After all fixes are complete, update:
CHANGELOG.md— Add a new entry at the top following the existing format (session 39, next version v0.12.3)controller/README.md— If any fix changes behavior, API, or architecture, update the relevant section
Fix Priority
Fixes are organized into 3 tiers:
- CRITICAL — Data races, security vulnerabilities, data loss risks. Fix these first.
- HIGH — Logic errors, resource leaks, incorrect behavior. Fix these second.
- MEDIUM — Edge cases, code quality, minor issues. Fix if time allows.
CRITICAL Fixes
C1. Data race on m.lastDBDump.Results mutation (backup/backup.go)
File: internal/backup/backup.go, around lines 556-570
Problem: In RefreshCache(), the code mutates m.lastDBDump.Results[i].Validation while holding NO lock. The mutex is only acquired later at line 574. Other goroutines reading m.lastDBDump via GetFullStatus() can see torn writes.
Fix: Move the m.lastDBDump.Results mutation block (lines 556-570) inside the m.mu.Lock() section that starts at line 574. The re-validation loop should happen after acquiring the lock, before setting m.cachedStatus.
C2. SnapshotHistory reversed after unlock (backup/backup.go)
File: internal/backup/backup.go, around lines 582-589
Problem: m.cachedStatus = status is set at line 582 while holding the lock, but the snapshot history reversal at lines 587-589 happens AFTER m.mu.Unlock(). Since status.SnapshotHistory is a slice backed by the same array as m.cachedStatus.SnapshotHistory (created by copy which copies elements but shares nothing — wait, actually copy creates a new backing array, so this is safe for the array). However, the local status variable IS m.cachedStatus (assigned at line 582), so reversing status.SnapshotHistory also reverses m.cachedStatus.SnapshotHistory without the lock.
Fix: Move the reversal loop (lines 587-589) BEFORE m.mu.Unlock(), right after copy(status.SnapshotHistory, m.snapshotHistory) at line 581 and before assigning to m.cachedStatus at line 582.
C3. SetStackProvider write without synchronization (backup/backup.go)
File: internal/backup/backup.go, line 413-415
Problem: m.stackProvider = provider is a direct field write with no mutex protection. The field is read by resolveAppBackupPaths() and RefreshCache() concurrently.
Fix: Wrap the assignment in m.mu.Lock() / m.mu.Unlock().
C4. GetFullStatus shallow-copies mutable pointers (backup/backup.go)
File: internal/backup/backup.go, lines 619-620
Problem: status.LastDBDump = m.lastDBDump and status.LastBackup = m.lastBackup copy pointer values. Callers can mutate the referenced objects, creating races with the manager's internal state.

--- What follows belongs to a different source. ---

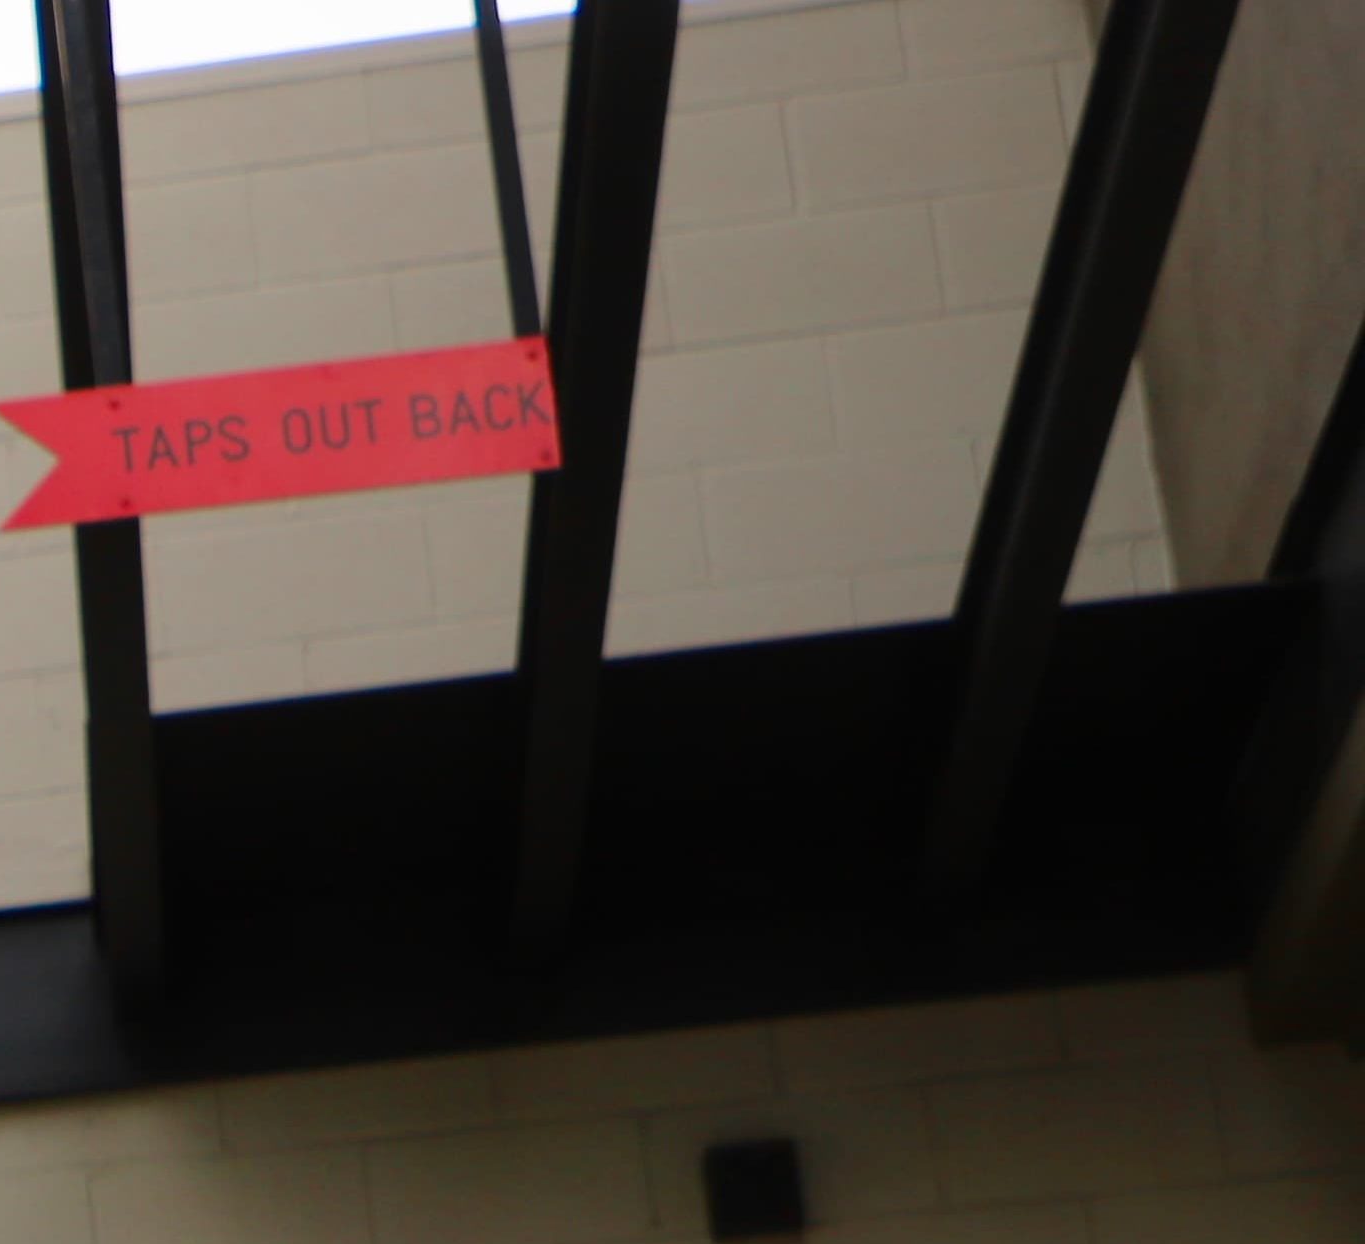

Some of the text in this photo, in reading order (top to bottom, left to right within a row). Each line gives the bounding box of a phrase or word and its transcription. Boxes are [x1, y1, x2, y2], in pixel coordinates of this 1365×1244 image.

[112, 379, 552, 471] TAPS OUT BACK

Fix: Deep-copy these structs. If lastDBDump is non-nil, create a copy: copyDump := *m.lastDBDump; status.LastDBDump = ©Dump. Same for lastBackup. Also deep-copy the Results slice inside lastDBDump if present (since it's a slice of structs, a simple copy into a new slice suffices).
C5. IsSystemDisk uses 8-bit major mask (storage/safety_linux.go)
File: internal/storage/safety_linux.go, lines 30-31
Problem: major := (stat.Rdev >> 8) & 0xff extracts only 8 bits. Linux dev_t uses a 12-bit major: bits 8-19 with bits 0-7 at positions 8-15 and bits 8-11 at positions 44-47 (for 64-bit). For the common case, the formula should use unix.Major() from golang.org/x/sys/unix or at minimum the standard extraction: major = (dev & 0xfff00) >> 8. Also, the function only compares major numbers — ALL SCSI disks share major 8, so this blocks formatting of any SCSI disk if root is also SCSI.
Fix: Use unix.Major(uint64(stat.Rdev)) and unix.Minor(uint64(stat.Rdev)) from golang.org/x/sys/unix (already a dependency). Compare both major AND the disk portion of the minor to identify the physical disk. For SCSI (major 8), disks are distinguished by minor / 16. For NVMe (major 259), compare the whole-disk minor. The simplest correct approach: resolve both device paths to their parent disk name (e.g., via partitionToParentDisk) and compare those names instead of using device numbers.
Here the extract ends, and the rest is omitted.